Barry and Ricky are two little boys of almost the same age and ethnicity who were diagnosed with the same rare disease during the same week. The social circumstances that influenced the path towards a diagnosis and the initiation of treatment differ dramatically. As with many of our inflammatory and autoimmune diseases, we now have good data that early aggressive treatment employed to dampen down and stop the inflammatory cascade before tissue damage accumulates leads to better outcomes in JDM. Barry’s diagnosis was made about as quickly as could be hoped and his treatment went forward without delay. We are only beginning to deal with Ricky’s acute illness. Although he has the same disease as Barry, Ricky’s unique version of JDM may well be more severe due to delayed diagnosis and treatment. Most worrisome, the biggest obstacles standing in the way of his recovery may still lie ahead.

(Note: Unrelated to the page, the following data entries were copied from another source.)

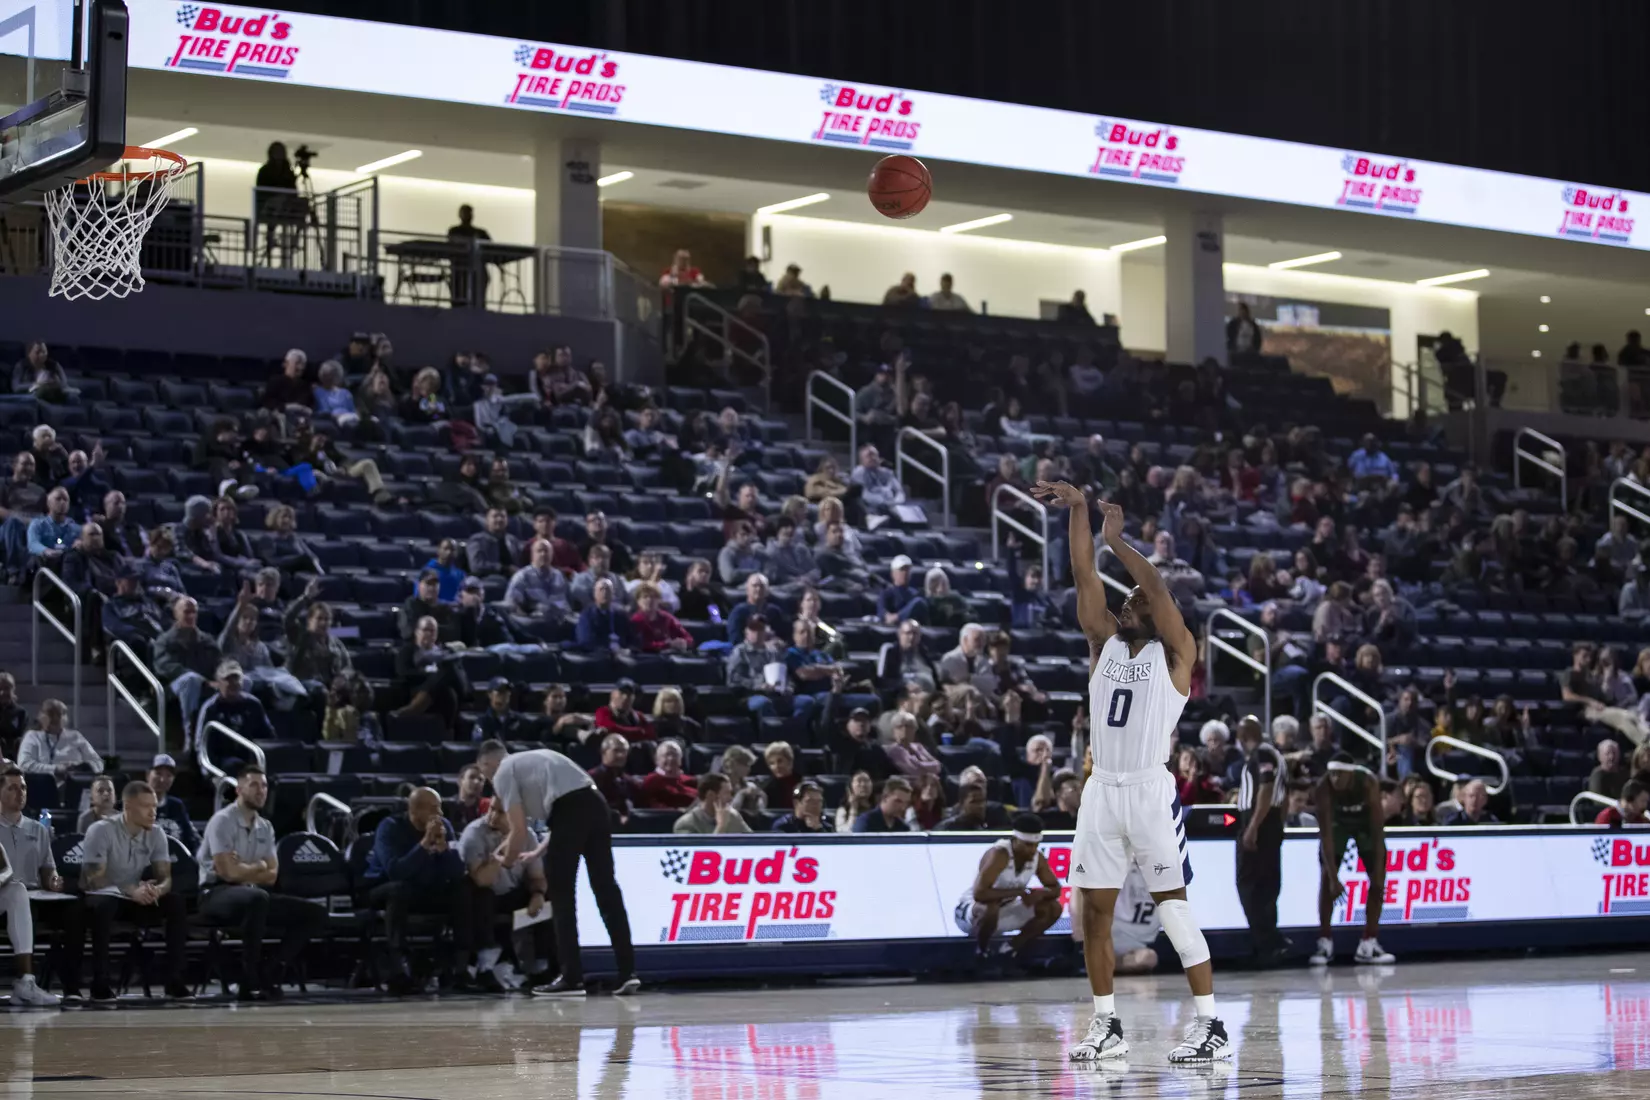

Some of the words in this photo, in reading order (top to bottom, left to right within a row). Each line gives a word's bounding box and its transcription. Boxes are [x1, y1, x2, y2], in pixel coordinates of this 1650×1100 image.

[193, 8, 290, 40] Bud's
[170, 35, 230, 67] TIRE
[226, 41, 299, 72] PROS
[531, 47, 617, 78] Bud's
[510, 73, 563, 103] TIRE
[560, 80, 626, 108] PROS
[835, 87, 913, 115] Bud's
[816, 111, 864, 140] TIRE
[862, 117, 921, 145] PROS
[1109, 123, 1179, 150] Bud's
[1091, 146, 1135, 173] TIRE
[1132, 152, 1186, 178] PROS
[1107, 688, 1133, 728] 0
[687, 846, 820, 885] Bud's
[1356, 836, 1455, 873] ud's
[1345, 880, 1399, 922] TIE
[1404, 877, 1471, 920] PROS
[1602, 874, 1649, 913] TIRE
[668, 892, 743, 942] TIRE
[745, 891, 837, 940] PROS
[1131, 902, 1157, 925] 12
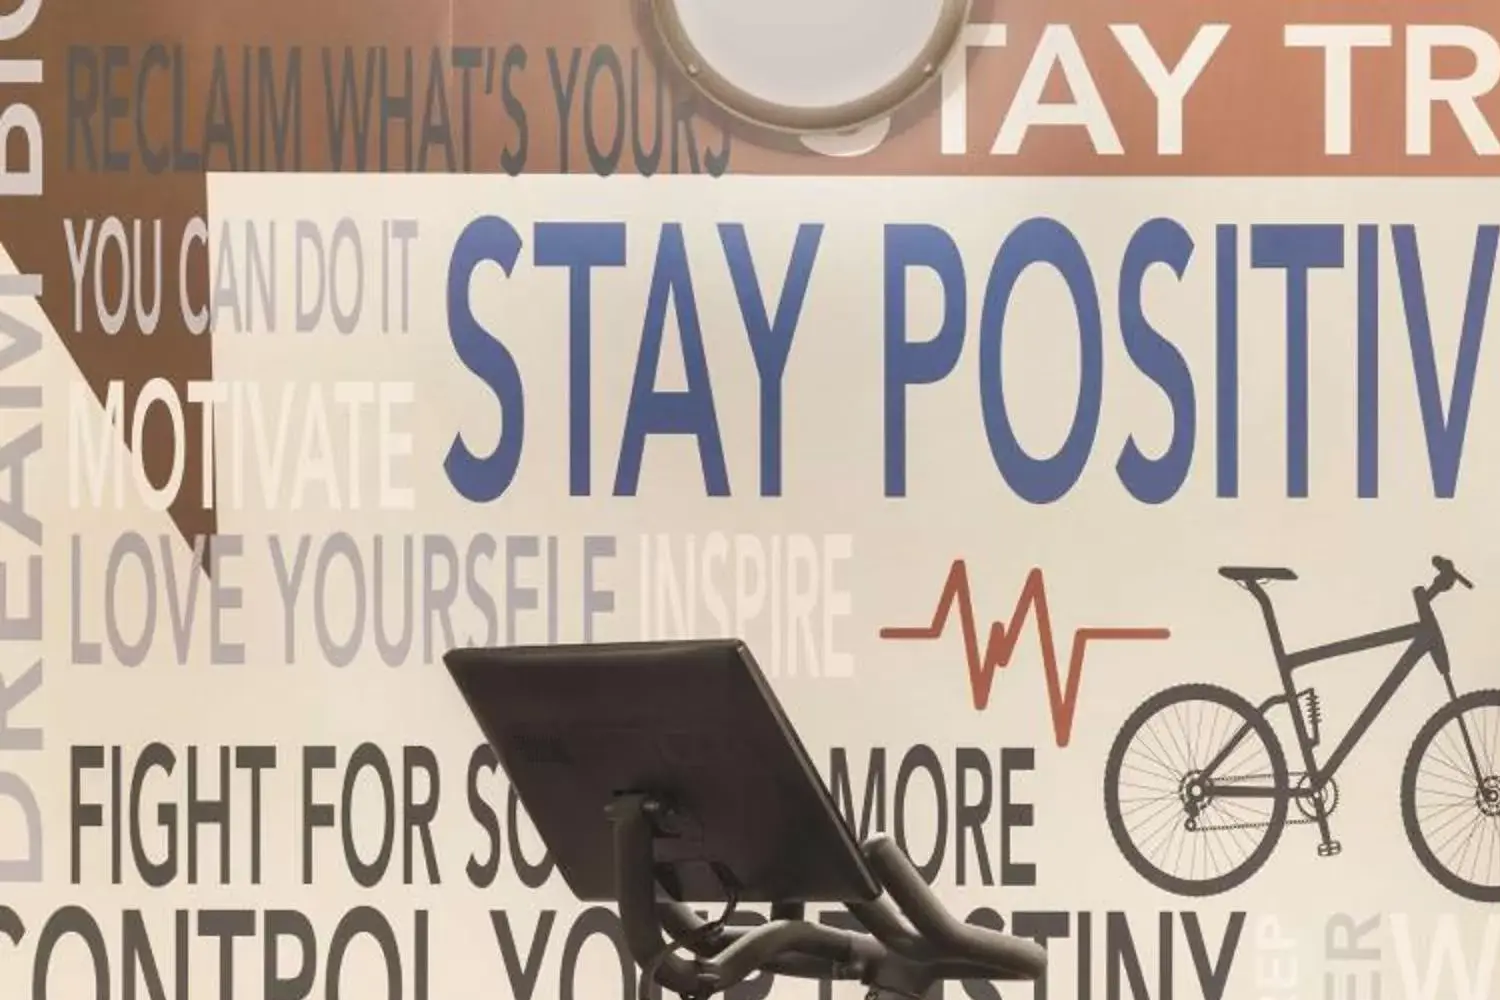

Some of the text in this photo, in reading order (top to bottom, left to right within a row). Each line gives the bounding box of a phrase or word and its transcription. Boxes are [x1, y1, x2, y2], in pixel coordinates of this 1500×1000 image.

[65, 44, 302, 175] RECLAIM
[321, 44, 529, 177] WHAT'S
[800, 24, 1231, 157] TAY
[63, 216, 418, 336] YOU CAN DO IT
[443, 215, 825, 503] STAY
[67, 377, 415, 511] MOTIVATE
[71, 531, 245, 667] LOVE
[70, 742, 277, 888] FIGHT
[302, 742, 441, 888] FOR
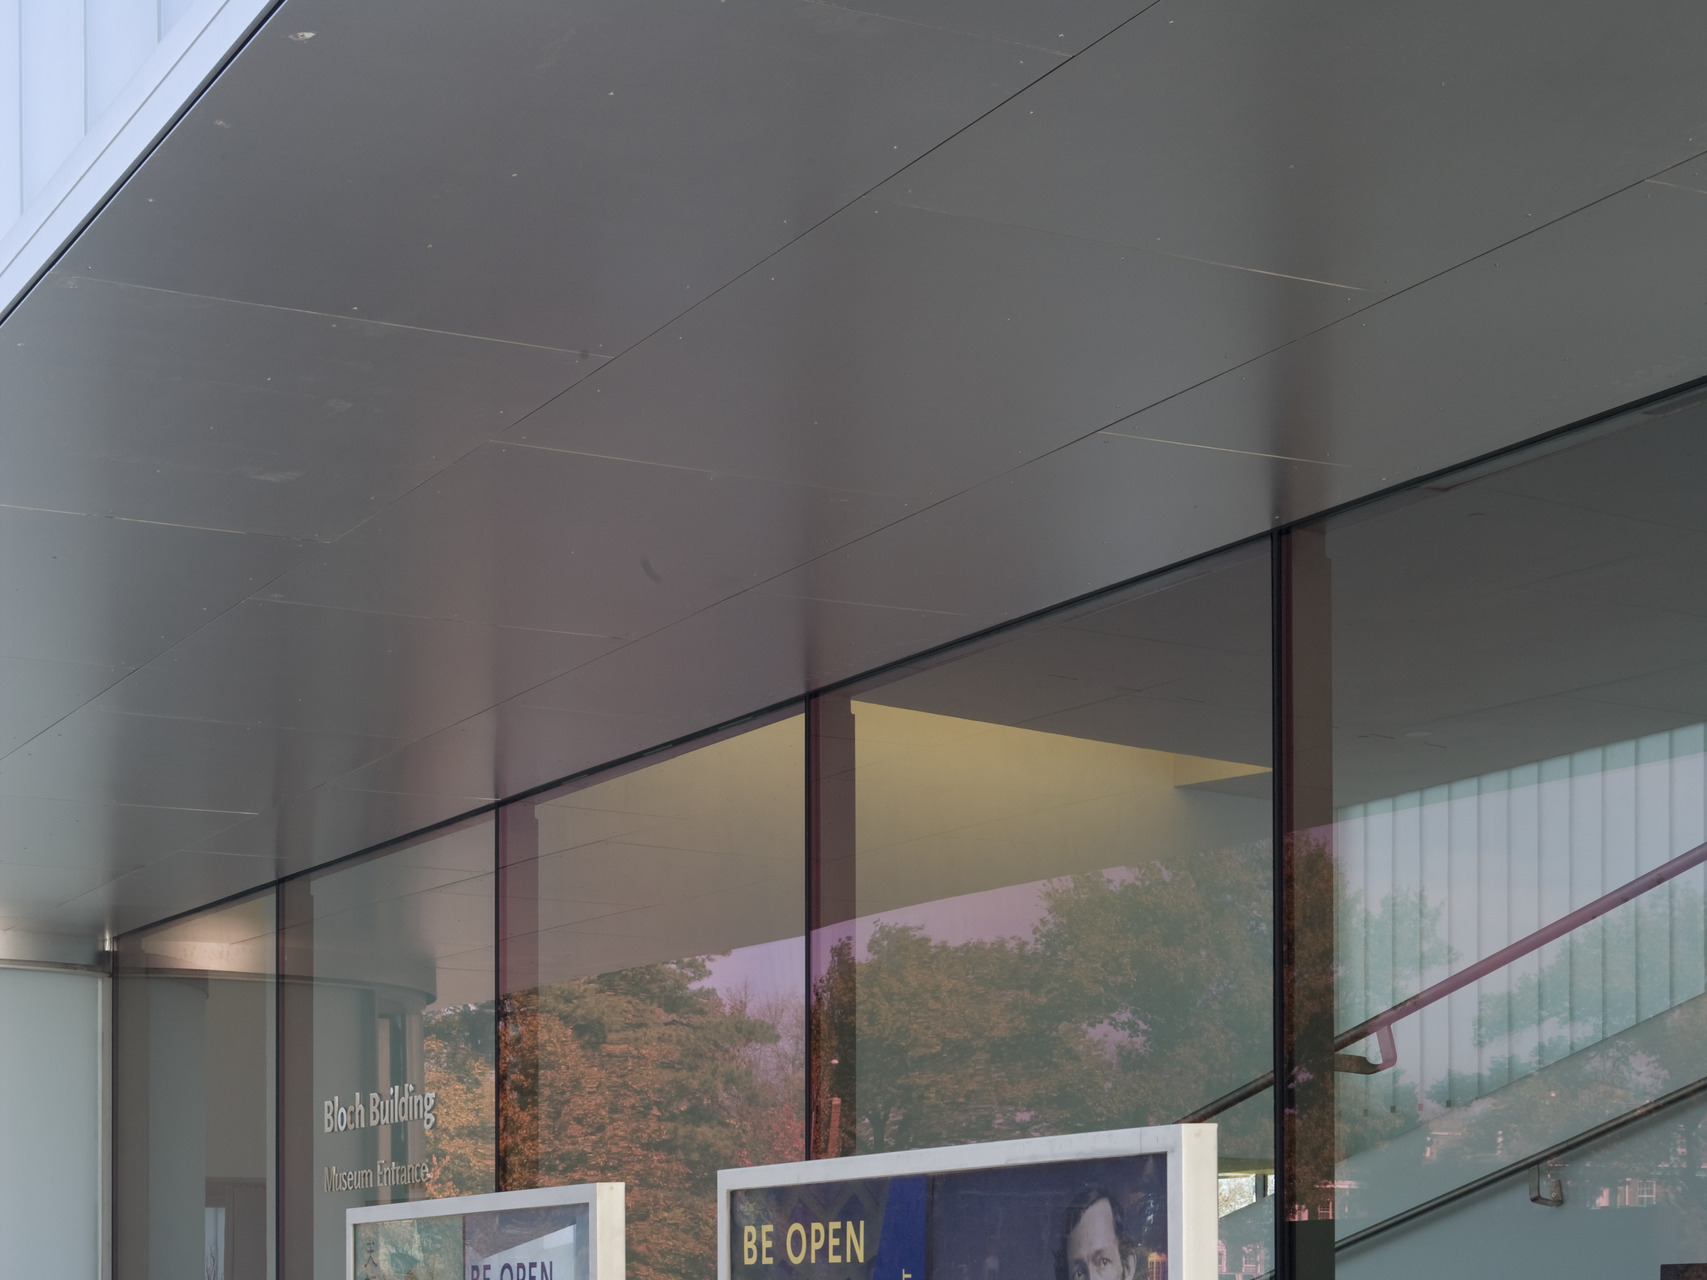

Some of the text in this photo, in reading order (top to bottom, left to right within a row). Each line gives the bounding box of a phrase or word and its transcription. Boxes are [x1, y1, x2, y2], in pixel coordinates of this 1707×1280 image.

[324, 1083, 436, 1133] Bloch Building
[324, 1160, 430, 1193] Museum Entrance
[744, 1220, 865, 1265] BE OPEN
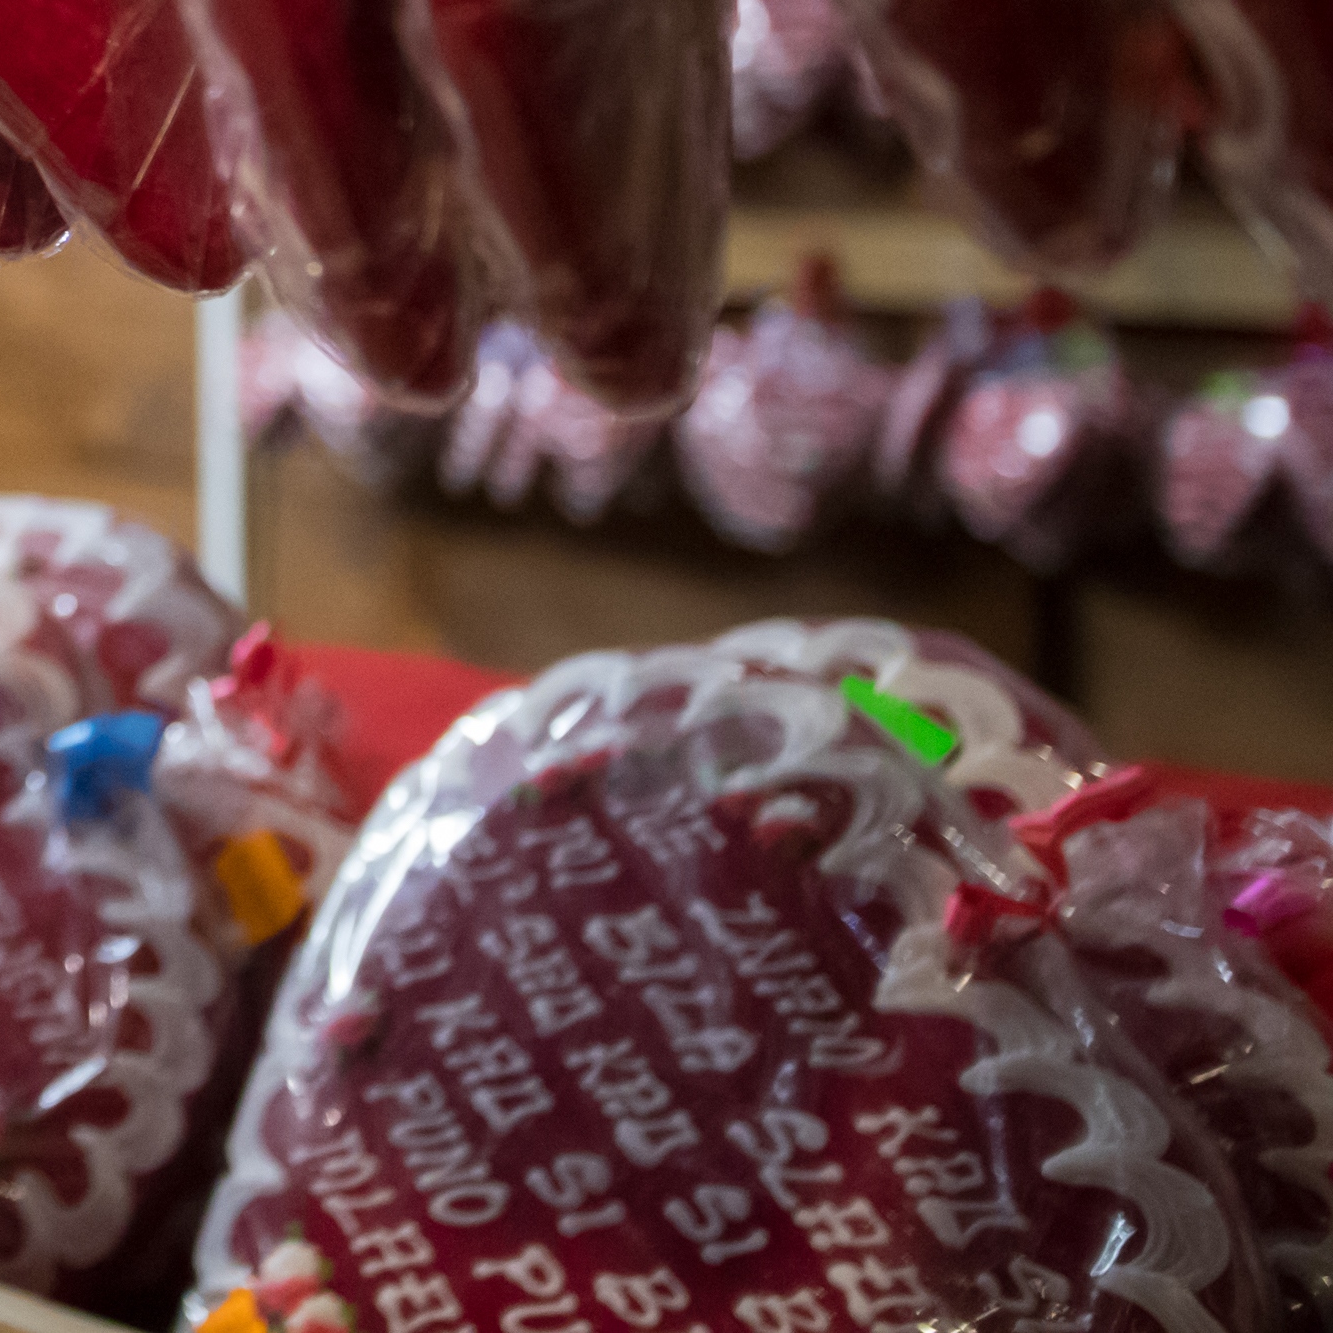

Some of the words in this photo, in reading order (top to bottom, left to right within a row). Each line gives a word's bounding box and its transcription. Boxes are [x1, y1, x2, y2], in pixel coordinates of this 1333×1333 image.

[362, 1069, 513, 1229] PUNO
[412, 991, 555, 1135] KAD
[524, 1150, 627, 1238] SI
[561, 1035, 700, 1167] KAD
[662, 1181, 770, 1266] SI
[581, 902, 763, 1073] BILA
[726, 1107, 938, 1333] SLAĐ
[851, 1101, 1030, 1250] KAD
[284, 1123, 477, 1333] MLAĐ

I can think of many moments back on Longwood Ave. during residency when a seasoned clinician would interrupt a subordinate’s presentation about a patient with a newly diagnosed disease to ask, “OK, what is the family like?” I was annoyed by this. It seemed presumptuous to skip past the medical details to dig into a description of the family’s circumstances, what we usually call the “social history”. I wondered if this was motivated by voyeurism. The master clinicians had diagnosed patients with even rare diseases so many times before, it seemed that they were mainly interested in the juicy details of whether or not there was a “good mom” and if the father was “involved”. Now I can see that with their years of experience, perhaps they had come to appreciate that the particular challenges of working with a family to optimize a child’s treatment really was the most important thing that they could ask about, even on Day One. Nowhere has the importance of the social history been written about more eloquently then in a commentary by Chen Kenyon, friend of Left on Longwood, published four years ago today in Pediatrics.
JDM is a very treatable condition. It is one of the pediatric rheumatic conditions that we think can be truly cured (superstitious or not, we are a little more comfortable calling this “stable remission off medications”). We will work with Ricky and Barry’s families towards this hopeful outcome. The paths traveled to get there from here may be very different.